Preeclampsia is associated with impaired regulation of the placental nitric oxide-cyclic guanosine monophosphate pathway by corticotropin-releasing hormone (CRH) and CRH-related peptides.
Karteris E., Vatish M., Hillhouse EW., Grammatopoulos DK.
During pregnancy, CRH and CRH-related peptides appear to regulate the fetoplacental circulation via activation of the nitric oxide (NO)/cGMP pathway. Pregnancies with abnormal placental function such as preeclampsia (PE) are characterized by increased maternal plasma CRH concentrations and reduced placental CRH-receptor 1alpha (CRH-R1alpha) expression.

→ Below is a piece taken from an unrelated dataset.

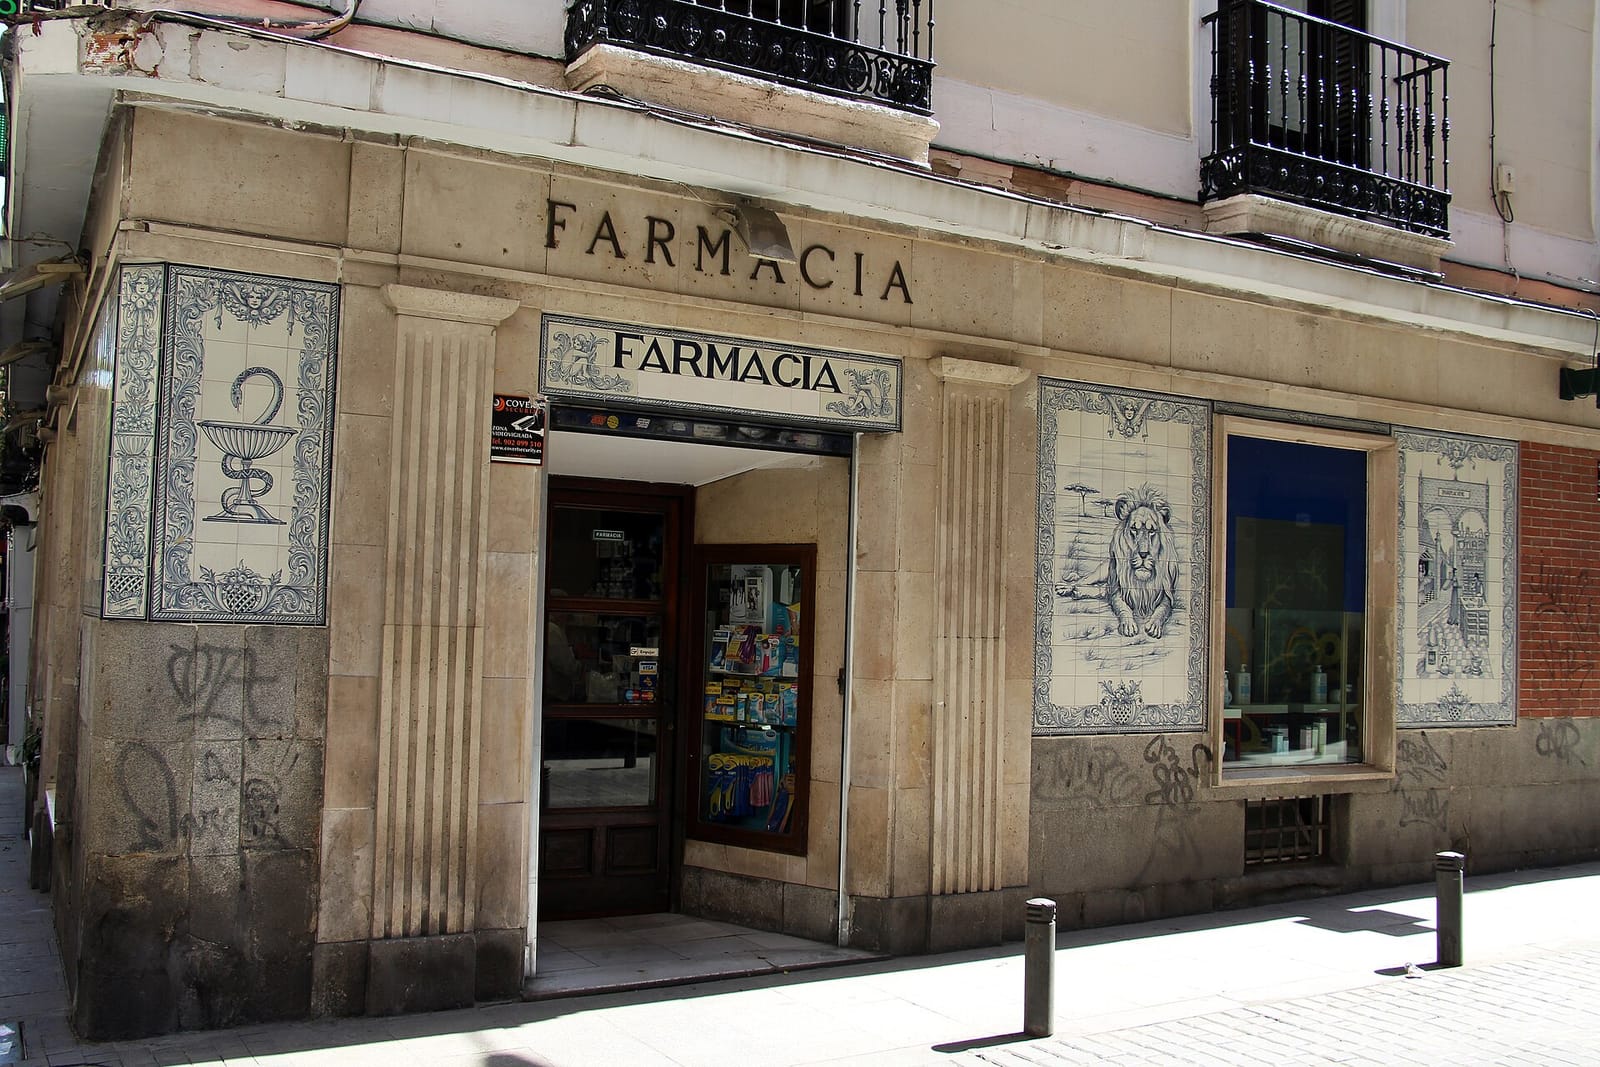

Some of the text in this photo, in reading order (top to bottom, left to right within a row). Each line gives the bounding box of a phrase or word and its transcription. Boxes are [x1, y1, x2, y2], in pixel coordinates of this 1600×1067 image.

In this study, we investigated the actions of CRH/CRH-related peptides on the NO/cGMP system in normal and PE placentas (n = 8 for each group). Fluorescent in situ hybridization, RT-PCR, and immunofluorescence experiments in human term placenta detected mRNAs expression for both R1 and R2 types of CRH-R, as well as urocortin (UCN) II and UCN III and showed CRH-R protein expression mainly in syncytiotrophoblast, whereas the endothelial NO synthase (eNOS) expression was confined within the cytoplasm of the chorionic villi. In placental explants, CRH and UCN induced mRNA and protein expression of eNOS, but not inducible NOS, and also caused an acute increase in cGMP levels (maximal stimulation, 80-90% above basal; P < 0.05). UCN II also induced a modest induction of cGMP (42% above basal; P < 0.05). These responses were attenuated by the NOS and soluble guanylyl cyclase inhibitors, l-N(G)-nitro-l-arginine methyl ester and 1H-[1,2,4]oxadiazolo[4,3-a]quinoxalin-1-one. In PE placental explants there was a significant reduction in CRH/CRH-related peptide-induced cGMP response; however, changes in the mRNA content of eNOS, inducible NOS, and soluble guanylyl cyclase (assessed by quantitative RT-PCR) between normal and PE placentas were not altered. In conclusion, we demonstrated that CRH and CRH-related peptides can positively regulate the placental NO/cGMP system. This pathway appears to be impaired in PE and may contribute toward dysregulation of the balance controlling vascular resistance.